Atlanta, GA's Occupation was cleared from a downtown park with many arrests and has regrouped indoors temporarily. Occupy Atlanta announced its intention to reclaim Troy Davis Park on November 5.

Sacramento, CA's crack legal team is supposed to file a suit in Federal court to stop the arrests today (Tuesday), but we'll see. Press conference scheduled at 10am at the Federal Courthouse.

Des Moines, IA's Occupation was cleared, with dozens of arrests, weeks ago now. The Occupation resumed and it is now being subjected to the usual idiotic harassment.

These are just the ones I've been able to follow to date; there are many others of interest, and I'll be trying to collect information on all the Occupations in Capital Cities.

Meanwhile, some stories of being arrested and incarcerated for 'being there' have begun to emerge. I'm surprised there aren't more of them, though. I've heard some brief comments by people who have been arrested here that they have experienced and witnessed things at the jail that have been eye-opening and horrifying, including incidents of arbitrary, unprovoked violence and brutality by the deputies.

But they haven't testified.

This surprises me.

This story, from one of the women who was arrested at the CitiBank branch in New York on October 15 is unusually graphic. It's well worth a read.

A key graph:

During an inordinately lengthy fingerprinting procedure, with the male officers operating the machines and the female officers locking and unlocking our cells as we were called out one by one, it sometimes seemed the police outnumbered us. But still, it took what seemed like hours.

Barely back in our cells, we were taken out again, handcuffed again, this time with a chain between our cuffs, and led “upstairs.” But there had been some mistake. A female officer told "our" officer that, no, she couldn’t process us.
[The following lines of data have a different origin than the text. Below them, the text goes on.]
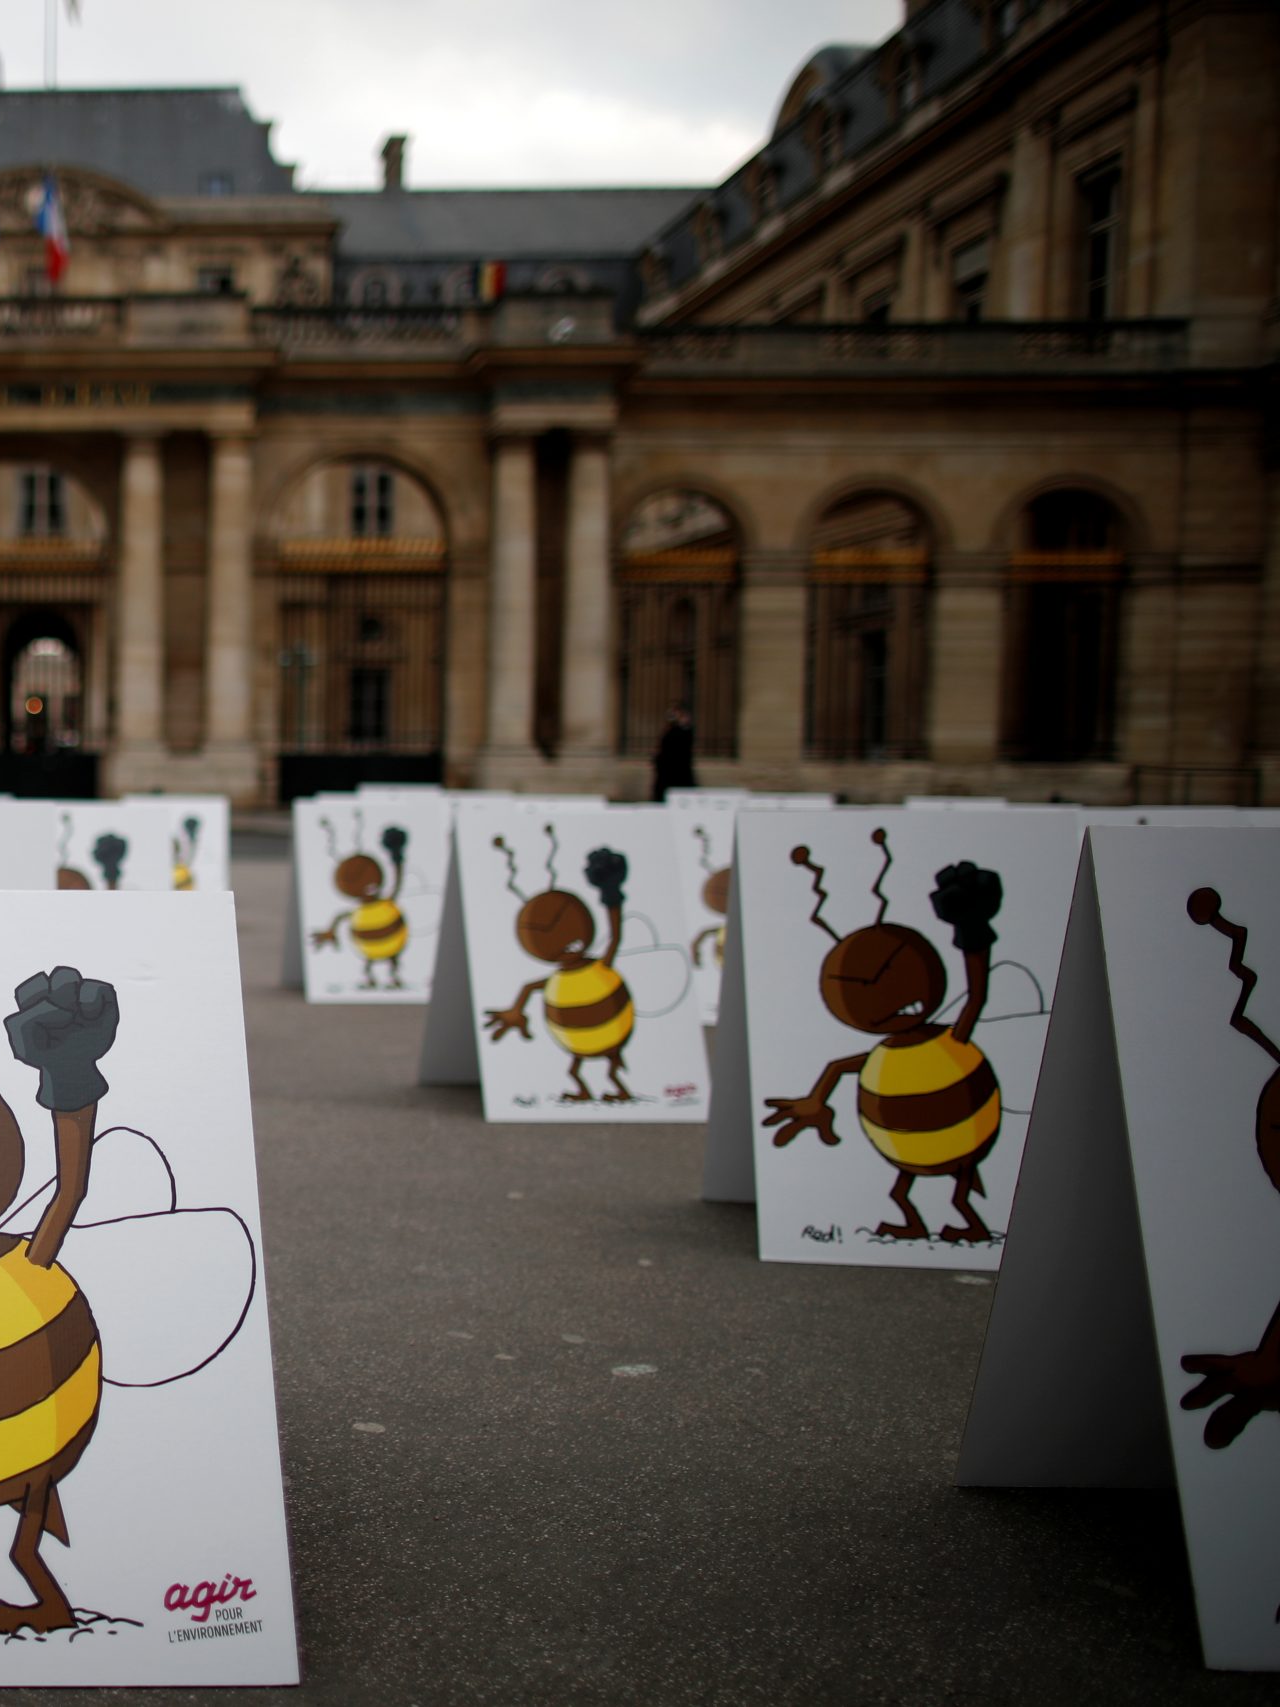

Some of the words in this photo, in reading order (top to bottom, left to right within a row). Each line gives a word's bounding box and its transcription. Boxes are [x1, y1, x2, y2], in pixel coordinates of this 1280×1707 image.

[800, 1222, 843, 1245] Red!
[163, 1572, 257, 1623] agir
[215, 1606, 243, 1622] POUR
[168, 1619, 264, 1644] L'ENVIRONNEMENT
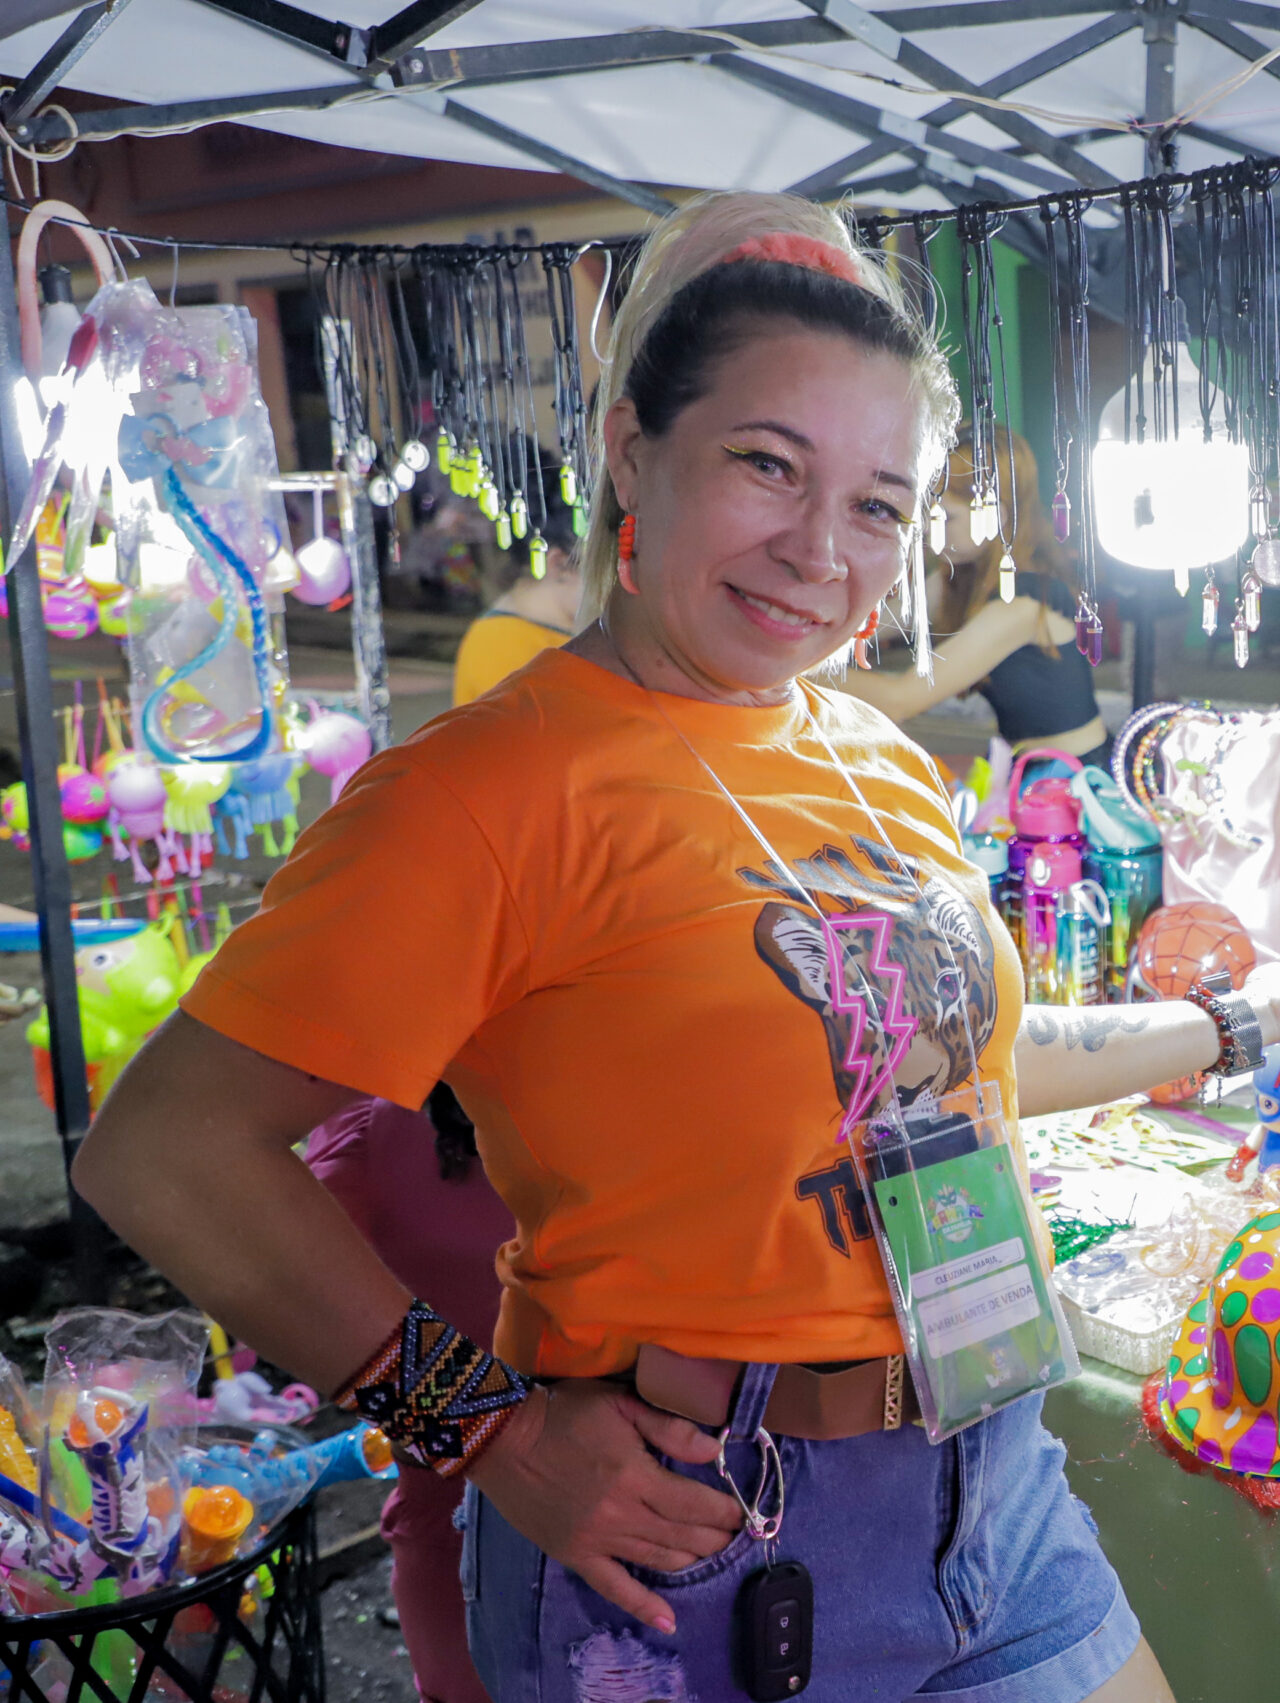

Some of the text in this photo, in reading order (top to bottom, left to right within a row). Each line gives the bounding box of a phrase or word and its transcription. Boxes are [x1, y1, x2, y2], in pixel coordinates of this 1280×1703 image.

[736, 834, 920, 918] WILD
[973, 1255, 998, 1271] MARIA
[927, 1285, 1033, 1336] AMBULANTE DE VENDA
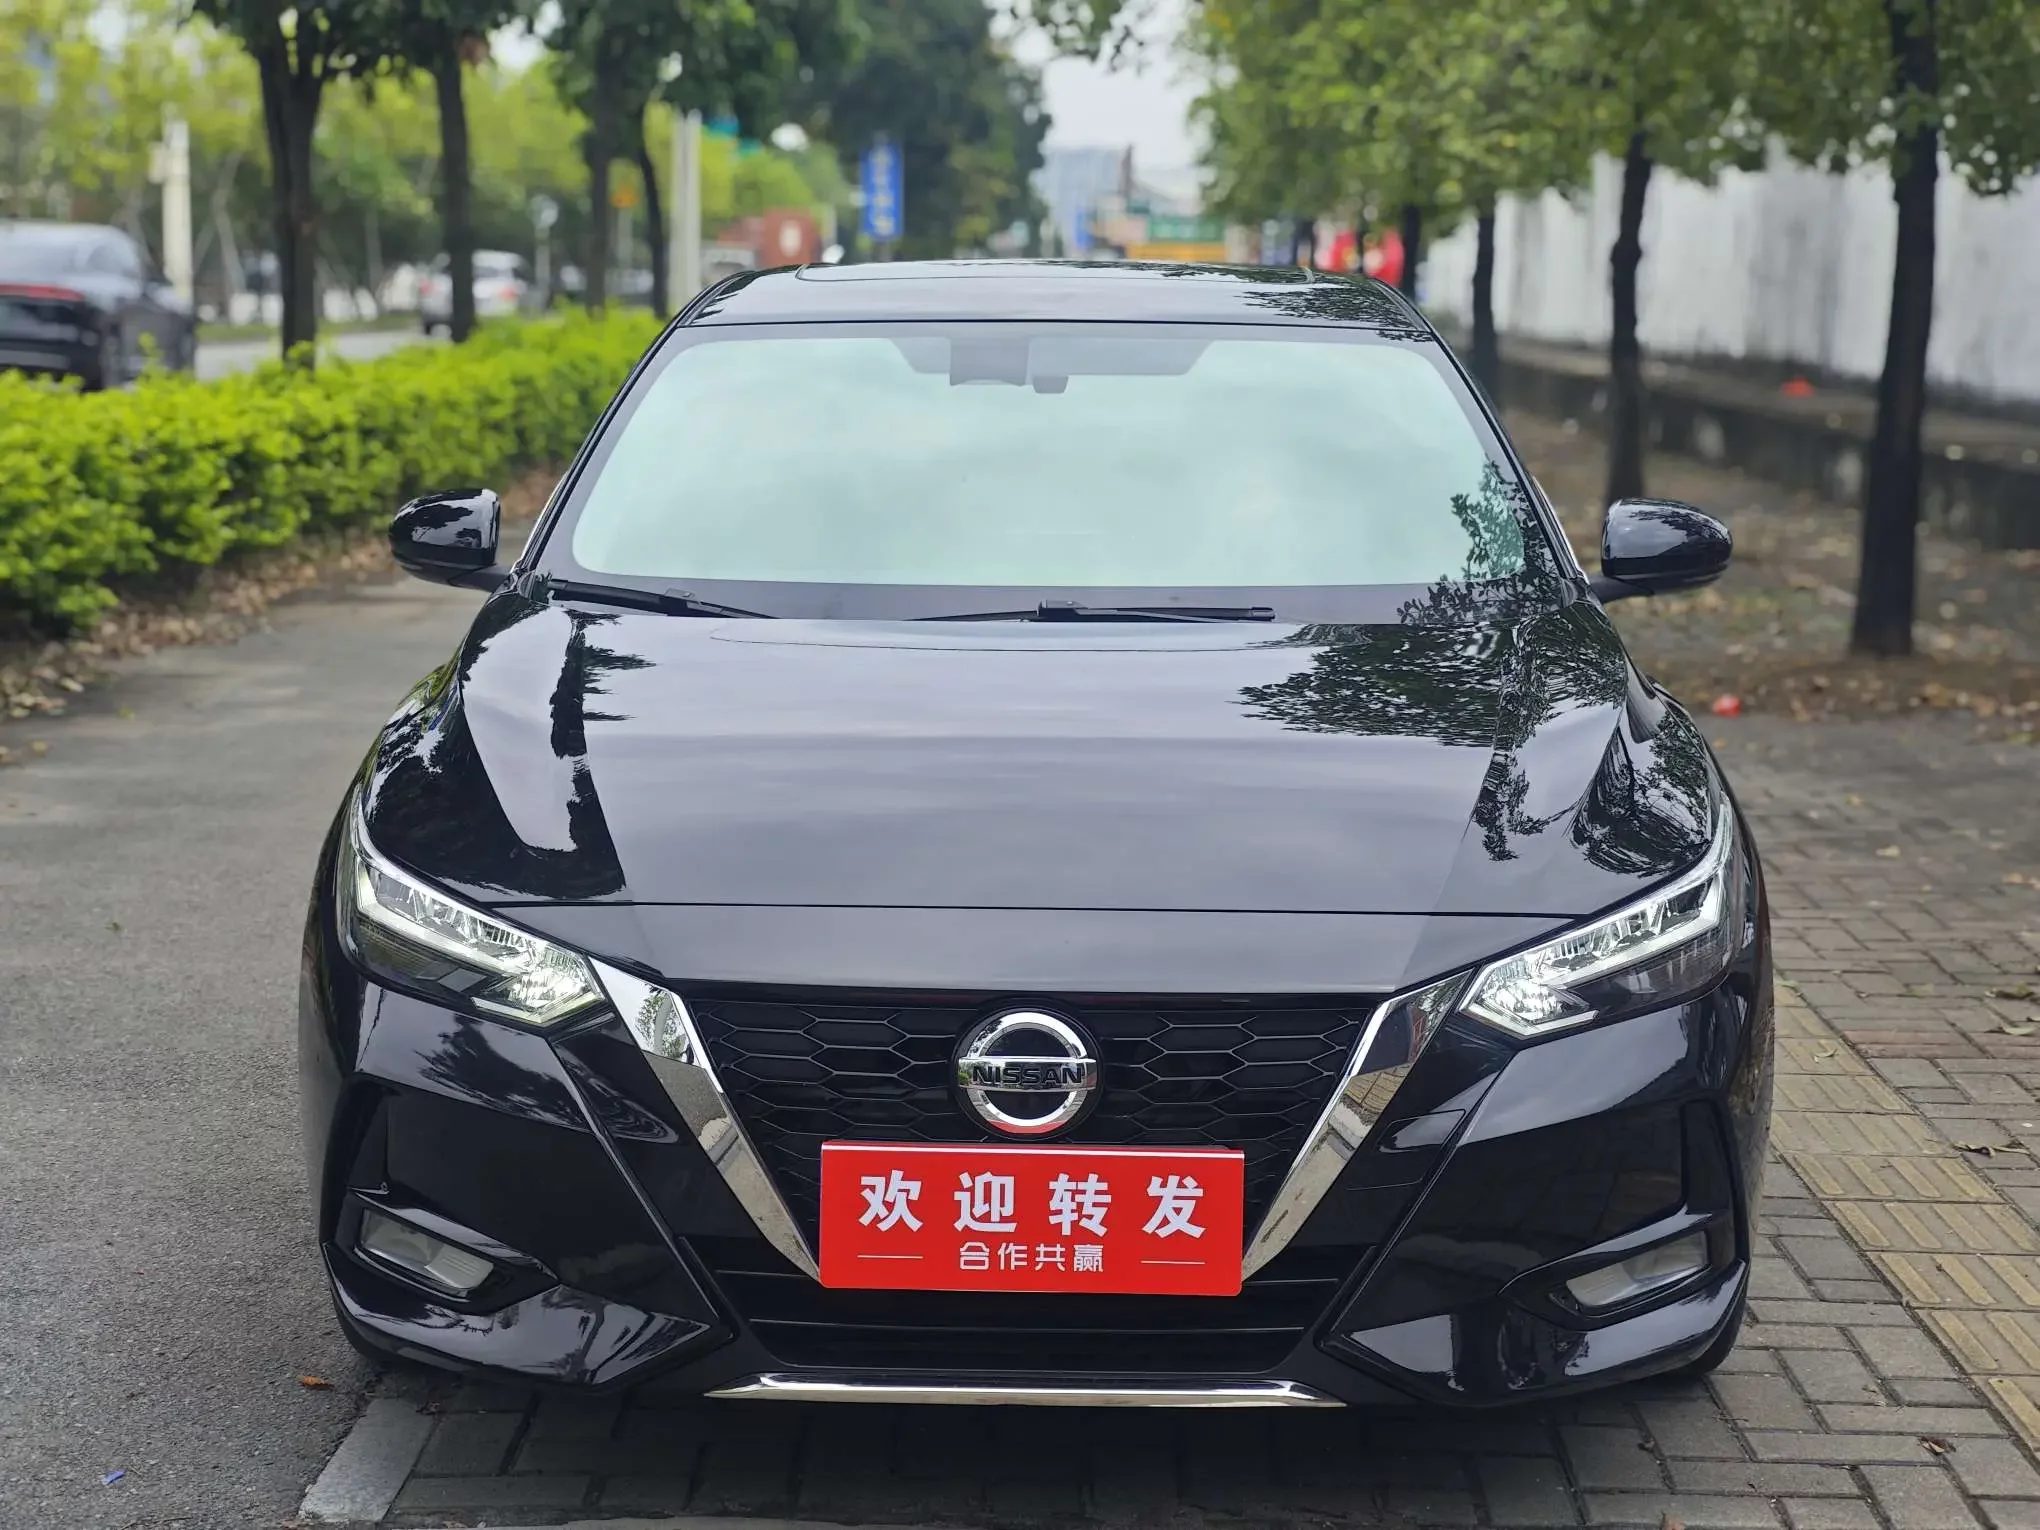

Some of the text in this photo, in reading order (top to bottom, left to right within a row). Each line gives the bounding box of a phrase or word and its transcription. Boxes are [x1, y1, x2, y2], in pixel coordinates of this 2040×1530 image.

Some paperwork was missing, some order, some stamp. Time to cuff us again and go down the stairs back into our cells. How many more instances of handcuffing, uncuffing, leading us up and down stairs and long hallways, waiting, returning, repeating what seemed nonsensical procedures and reversals then followed I do not know and did not count. But a deep sense of disorganization, competence fighting incompetence, if not chaos, reigned. It seemed as if, in the name of bureaucratic rules and regulations, in the name of "security," we were witnessing a dysfunctional institution and people not used to daylight shining in; people generally accountable to no one but themselves.


It's not just a waste of time and money, it's stupid.

Mind-bogglingly stupid. And if this level of official stupidity is applied to peaceful protestors, just think what it is like for someone criminally arrested.